New Tools to Enhance Cystic Fibrosis Patient Care
Implementing these assessments, interventions, and mobile apps could contribute to improved disease detection, treatment strategies, and adherence.
Recent cystic fibrosis (CF) research reports have introduced a variety of new practice tools-assessments, interventions, and mobile apps-that could contribute to improved patient care in the areas of disease detection, treatment strategies, and adherence.

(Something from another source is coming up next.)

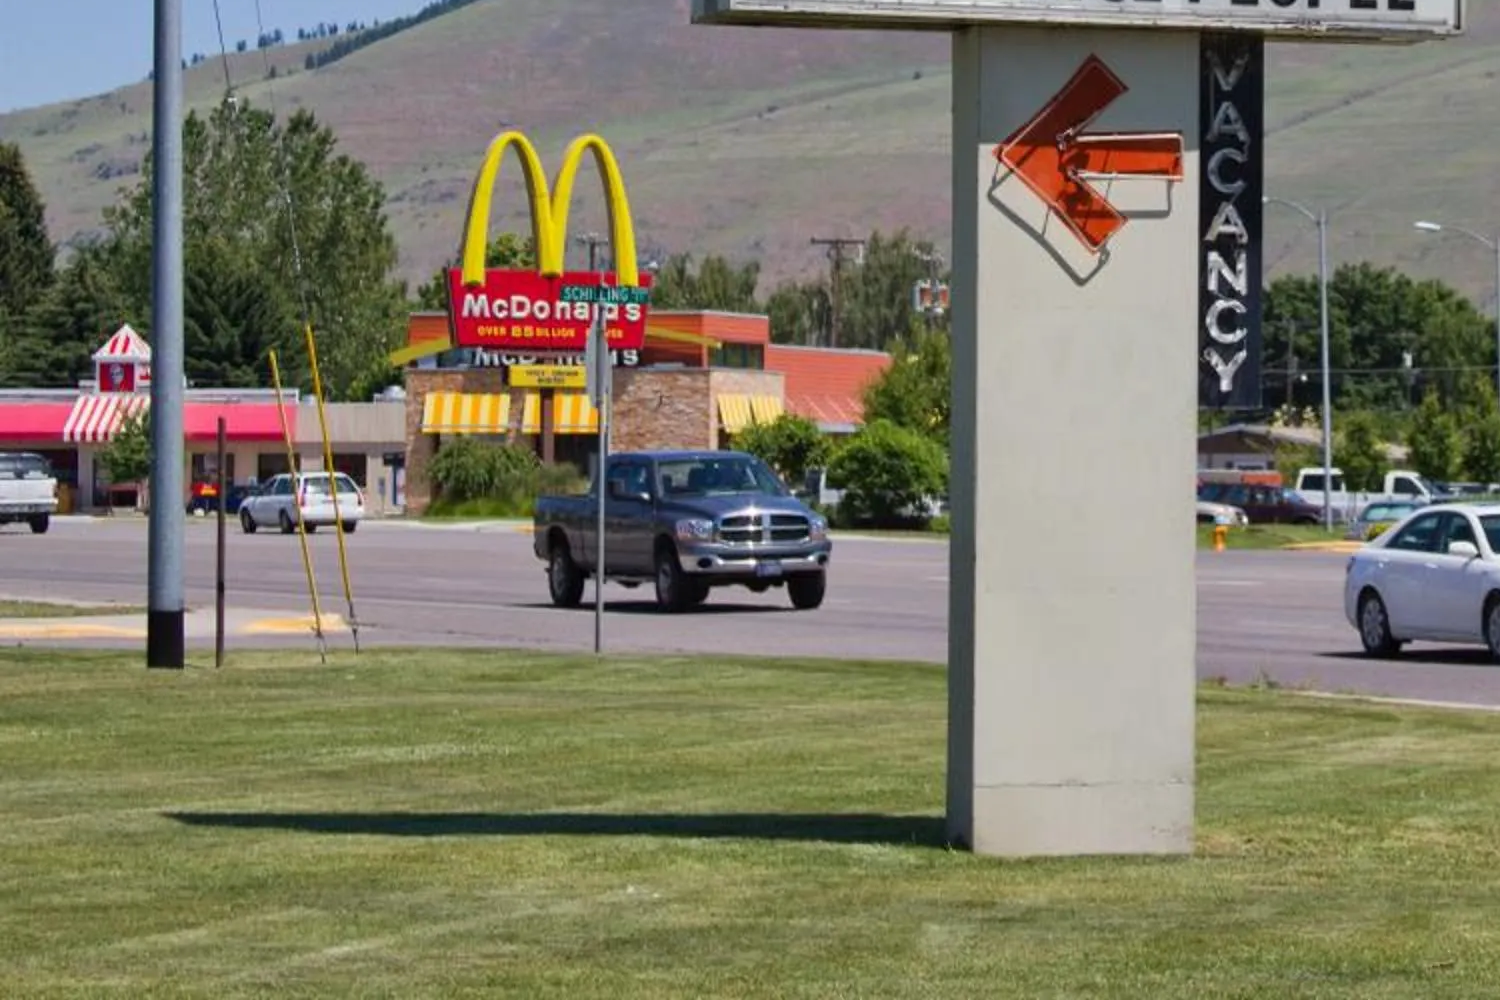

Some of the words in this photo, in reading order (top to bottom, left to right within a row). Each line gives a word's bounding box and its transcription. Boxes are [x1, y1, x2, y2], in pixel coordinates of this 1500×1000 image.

Scroll through the slides below to find concise summaries of key points.
Video games take on the exercise adherence challenge. The use of interactive video games by patients with CF generated a cardiorespiratory response similar to anaerobic threshold levels found during the cardiopulmonary exercise test. There were no differences between groups at peak exercise for heart rate, oxygen consumption, and minute ventilation. Study authors concluded that video games may provide an alternative to exercise training for patients with CF. The study was published online on January 13, 2020 in the Journal of Cystic Fibrosis.
Exercise cited as airway clearance option. An online survey on airway clearance techniques (ACTs) use, recommendations, adherence, and exercise strategies answered the question “Can exercise replace chest physiotherapy for people with CF?” Among healthcare professionals, 93% recommend exercise to support ACTs; 73% support a trial replacing some or all ACTs with exercise. Among people with CF, 54% incorporate exercise into ACTs and 48% omit ACTs when they exercise. Only 4% do not exercise. Results were published in the Journal of Cystic Fibrosis on November 15, 2019.

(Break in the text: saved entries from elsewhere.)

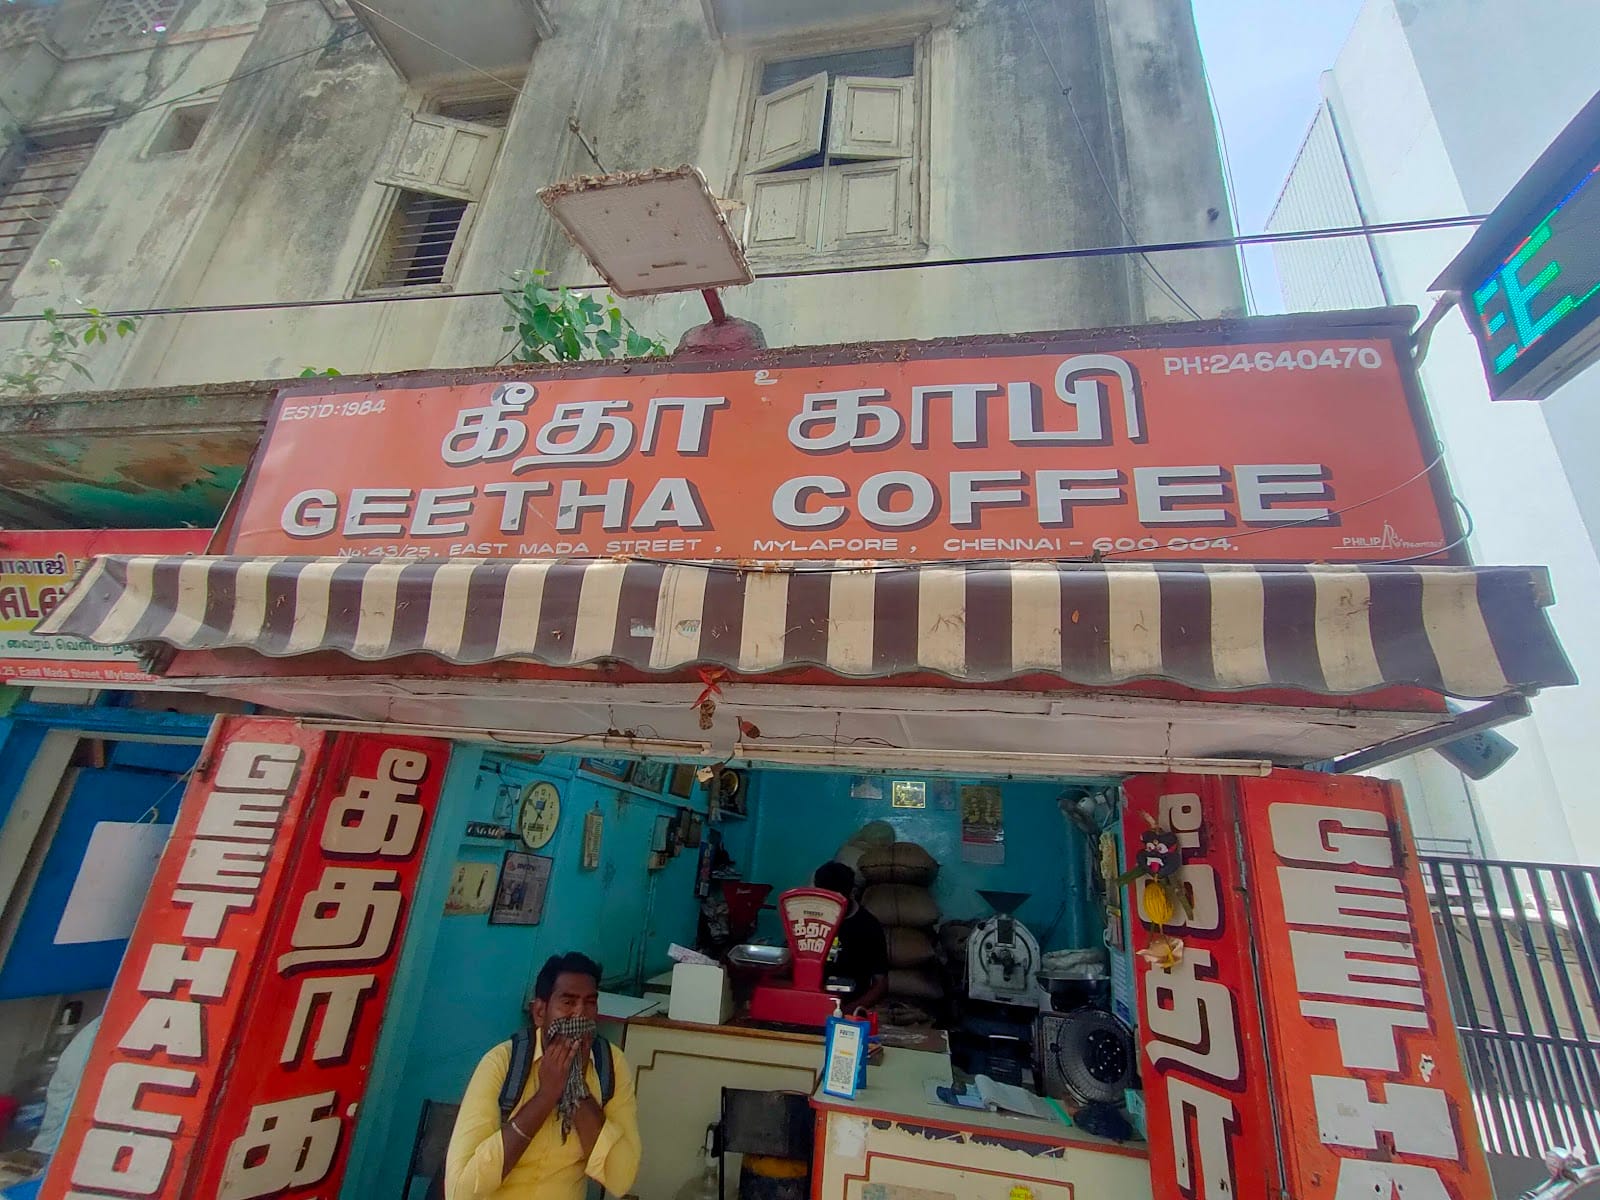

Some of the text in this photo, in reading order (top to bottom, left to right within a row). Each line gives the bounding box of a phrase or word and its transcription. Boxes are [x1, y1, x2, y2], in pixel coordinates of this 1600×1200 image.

[1164, 347, 1382, 376] PH:24640470
[280, 399, 386, 422] ESTD:1984
[440, 353, 1148, 474] கீதா காபி
[280, 462, 1342, 538] GEETHA COFFEE
[449, 542, 508, 556] EAST
[519, 541, 589, 555] MADA
[943, 537, 1061, 552] CHENNAI
[18, 667, 41, 678] East
[116, 741, 304, 1062] GEETHA
[793, 919, 832, 938] கீதா

Mobile app gets mixed grades. An analysis of a mobile health care app as support for self-management and independence to improve adherence, quality of life, and life expectancy in young patients with CF showed some pros and some cons. A few CF-specific aspects of weighted life satisfaction (respiration and lack of handicap by CF) may have been improved and stabilized, and 56% saw the app as a support for everyday life. However, use of the reminder function for medication declined from 70% at week 4 to 65% at week 8, and only 17% wanted to continue using the app at the end of the study. The analysis was published on November 21, 2019 in JMIR mHealth and uHealth.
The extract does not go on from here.